++++ Data provided
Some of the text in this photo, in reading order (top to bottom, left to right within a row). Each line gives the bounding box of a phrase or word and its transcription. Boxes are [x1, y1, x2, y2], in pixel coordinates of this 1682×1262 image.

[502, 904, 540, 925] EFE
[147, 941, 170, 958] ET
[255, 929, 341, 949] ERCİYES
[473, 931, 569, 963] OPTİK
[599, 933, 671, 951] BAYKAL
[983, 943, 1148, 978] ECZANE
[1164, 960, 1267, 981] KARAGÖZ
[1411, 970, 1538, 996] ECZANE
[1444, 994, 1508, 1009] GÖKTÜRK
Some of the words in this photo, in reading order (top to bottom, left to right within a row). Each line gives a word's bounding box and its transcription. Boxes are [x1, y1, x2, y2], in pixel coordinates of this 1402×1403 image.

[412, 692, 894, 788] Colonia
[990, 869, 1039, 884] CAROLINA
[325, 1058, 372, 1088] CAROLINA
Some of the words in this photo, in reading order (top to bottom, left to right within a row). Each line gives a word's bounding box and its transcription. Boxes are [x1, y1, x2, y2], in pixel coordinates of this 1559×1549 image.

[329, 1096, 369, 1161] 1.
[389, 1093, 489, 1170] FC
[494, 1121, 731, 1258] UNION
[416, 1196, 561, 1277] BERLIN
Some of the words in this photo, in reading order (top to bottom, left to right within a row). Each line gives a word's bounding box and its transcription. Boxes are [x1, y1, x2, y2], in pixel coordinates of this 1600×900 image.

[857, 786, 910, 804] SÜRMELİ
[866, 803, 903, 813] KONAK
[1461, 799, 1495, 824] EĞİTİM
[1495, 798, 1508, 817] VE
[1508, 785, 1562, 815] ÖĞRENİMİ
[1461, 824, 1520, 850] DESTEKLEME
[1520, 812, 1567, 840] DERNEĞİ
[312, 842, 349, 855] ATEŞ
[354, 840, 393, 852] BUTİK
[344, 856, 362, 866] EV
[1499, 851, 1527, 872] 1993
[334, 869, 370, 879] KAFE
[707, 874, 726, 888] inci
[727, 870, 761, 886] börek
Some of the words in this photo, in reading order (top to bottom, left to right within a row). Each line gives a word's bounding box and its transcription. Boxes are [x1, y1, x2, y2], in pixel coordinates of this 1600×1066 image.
++++++++
[What you need to do]:
Repeat each entry exactly as it was given.

[Solution for this exercise]:
Some of the text in this photo, in reading order (top to bottom, left to right within a row). Each line gives the bounding box of a phrase or word and its transcription. Boxes are [x1, y1, x2, y2], in pixel coordinates of this 1682×1262 image.

[502, 904, 540, 925] EFE
[147, 941, 170, 958] ET
[255, 929, 341, 949] ERCİYES
[473, 931, 569, 963] OPTİK
[599, 933, 671, 951] BAYKAL
[983, 943, 1148, 978] ECZANE
[1164, 960, 1267, 981] KARAGÖZ
[1411, 970, 1538, 996] ECZANE
[1444, 994, 1508, 1009] GÖKTÜRK
Some of the words in this photo, in reading order (top to bottom, left to right within a row). Each line gives a word's bounding box and its transcription. Boxes are [x1, y1, x2, y2], in pixel coordinates of this 1402×1403 image.

[412, 692, 894, 788] Colonia
[990, 869, 1039, 884] CAROLINA
[325, 1058, 372, 1088] CAROLINA
Some of the words in this photo, in reading order (top to bottom, left to right within a row). Each line gives a word's bounding box and its transcription. Boxes are [x1, y1, x2, y2], in pixel coordinates of this 1559×1549 image.

[329, 1096, 369, 1161] 1.
[389, 1093, 489, 1170] FC
[494, 1121, 731, 1258] UNION
[416, 1196, 561, 1277] BERLIN
Some of the words in this photo, in reading order (top to bottom, left to right within a row). Each line gives a word's bounding box and its transcription. Boxes are [x1, y1, x2, y2], in pixel coordinates of this 1600×900 image.

[857, 786, 910, 804] SÜRMELİ
[866, 803, 903, 813] KONAK
[1461, 799, 1495, 824] EĞİTİM
[1495, 798, 1508, 817] VE
[1508, 785, 1562, 815] ÖĞRENİMİ
[1461, 824, 1520, 850] DESTEKLEME
[1520, 812, 1567, 840] DERNEĞİ
[312, 842, 349, 855] ATEŞ
[354, 840, 393, 852] BUTİK
[344, 856, 362, 866] EV
[1499, 851, 1527, 872] 1993
[334, 869, 370, 879] KAFE
[707, 874, 726, 888] inci
[727, 870, 761, 886] börek
Some of the words in this photo, in reading order (top to bottom, left to right within a row). Each line gives a word's bounding box and its transcription. Boxes are [x1, y1, x2, y2], in pixel coordinates of this 1600×1066 image.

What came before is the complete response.